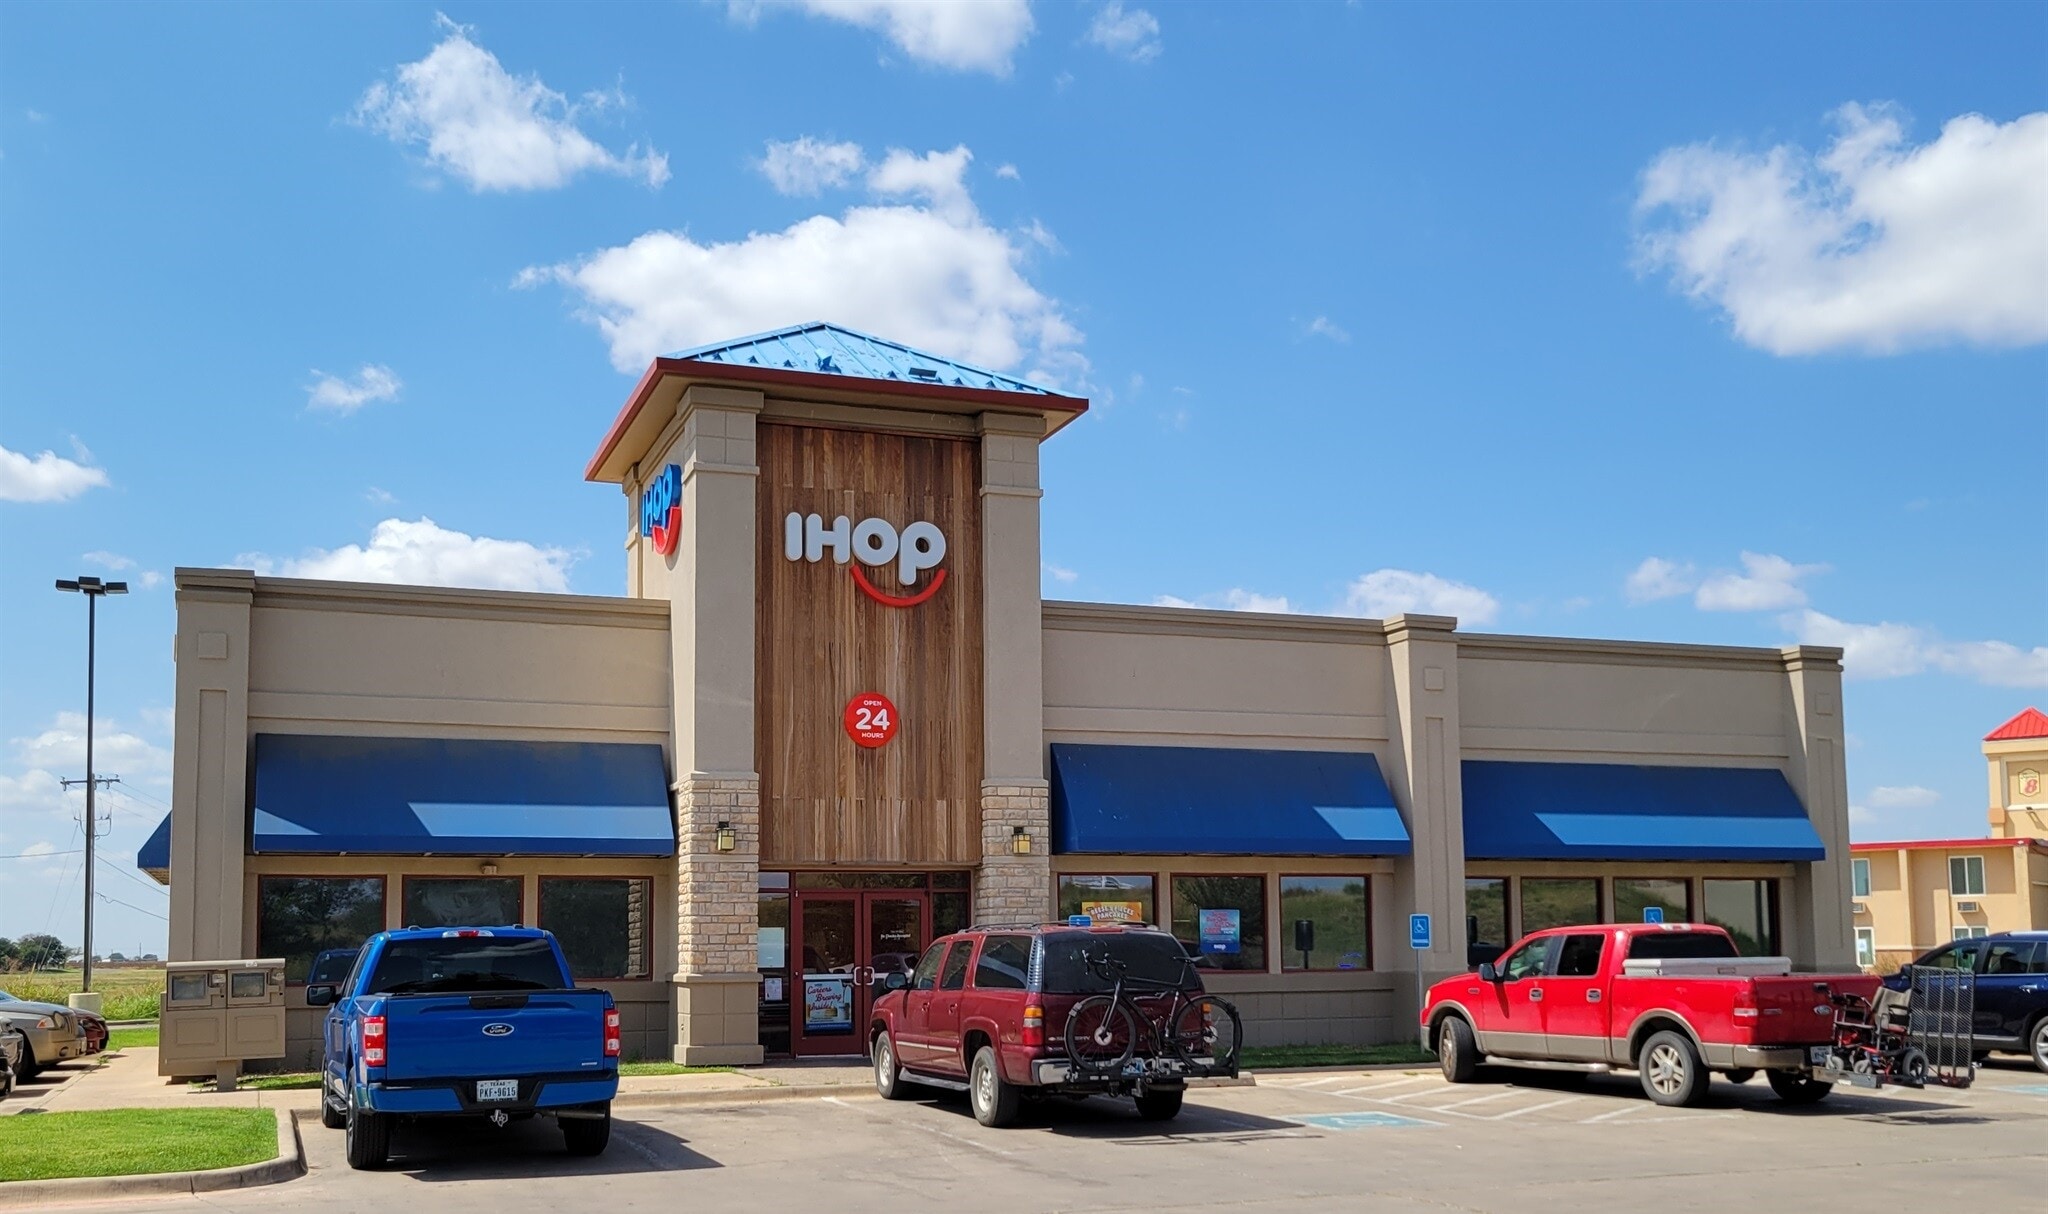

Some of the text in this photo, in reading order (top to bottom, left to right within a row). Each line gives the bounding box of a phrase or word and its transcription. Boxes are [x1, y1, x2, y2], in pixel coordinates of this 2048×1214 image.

[785, 511, 947, 585] IHOP
[855, 707, 890, 730] 24
[2025, 778, 2038, 794] 8
[489, 1025, 507, 1034] Ford
_ _ _ _ _
→ What is needed
Repeat all of the entries word for word, but omit the pictures.

→ Finished exercise
Some of the text in this photo, in reading order (top to bottom, left to right within a row). Each line gives the bounding box of a phrase or word and its transcription. Boxes are [x1, y1, x2, y2], in pixel coordinates of this 2048×1214 image.

[785, 511, 947, 585] IHOP
[855, 707, 890, 730] 24
[2025, 778, 2038, 794] 8
[489, 1025, 507, 1034] Ford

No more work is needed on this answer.